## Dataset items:
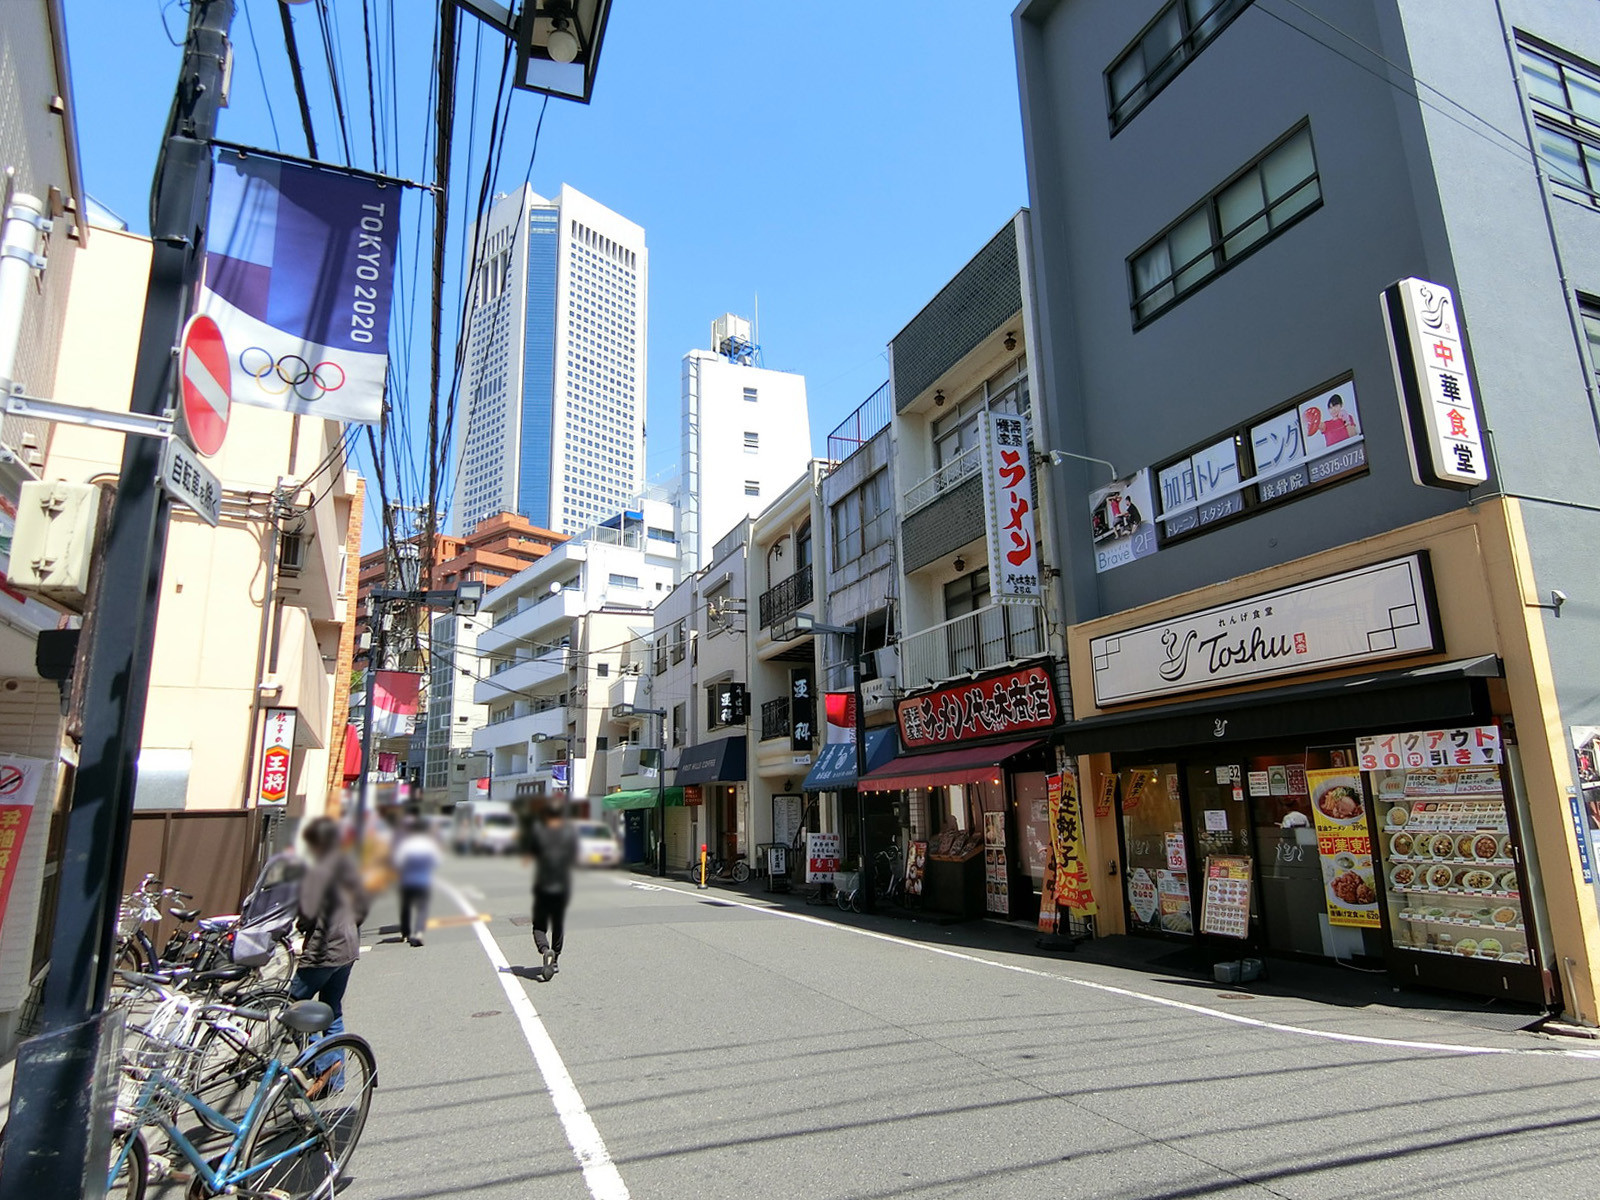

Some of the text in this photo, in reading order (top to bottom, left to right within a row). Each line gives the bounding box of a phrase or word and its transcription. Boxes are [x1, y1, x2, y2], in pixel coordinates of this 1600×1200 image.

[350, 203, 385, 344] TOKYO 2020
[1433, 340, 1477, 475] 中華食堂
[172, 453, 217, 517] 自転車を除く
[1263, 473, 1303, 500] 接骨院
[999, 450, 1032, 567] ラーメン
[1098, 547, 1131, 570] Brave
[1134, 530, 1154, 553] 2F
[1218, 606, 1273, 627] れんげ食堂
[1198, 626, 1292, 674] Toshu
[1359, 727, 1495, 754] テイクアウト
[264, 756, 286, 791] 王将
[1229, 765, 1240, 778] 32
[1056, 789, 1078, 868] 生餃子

## Your instructions:
Copy out the lines above unchanged. Skip the images.

## Exercise solution:
Some of the text in this photo, in reading order (top to bottom, left to right within a row). Each line gives the bounding box of a phrase or word and its transcription. Boxes are [x1, y1, x2, y2], in pixel coordinates of this 1600×1200 image.

[350, 203, 385, 344] TOKYO 2020
[1433, 340, 1477, 475] 中華食堂
[172, 453, 217, 517] 自転車を除く
[1263, 473, 1303, 500] 接骨院
[999, 450, 1032, 567] ラーメン
[1098, 547, 1131, 570] Brave
[1134, 530, 1154, 553] 2F
[1218, 606, 1273, 627] れんげ食堂
[1198, 626, 1292, 674] Toshu
[1359, 727, 1495, 754] テイクアウト
[264, 756, 286, 791] 王将
[1229, 765, 1240, 778] 32
[1056, 789, 1078, 868] 生餃子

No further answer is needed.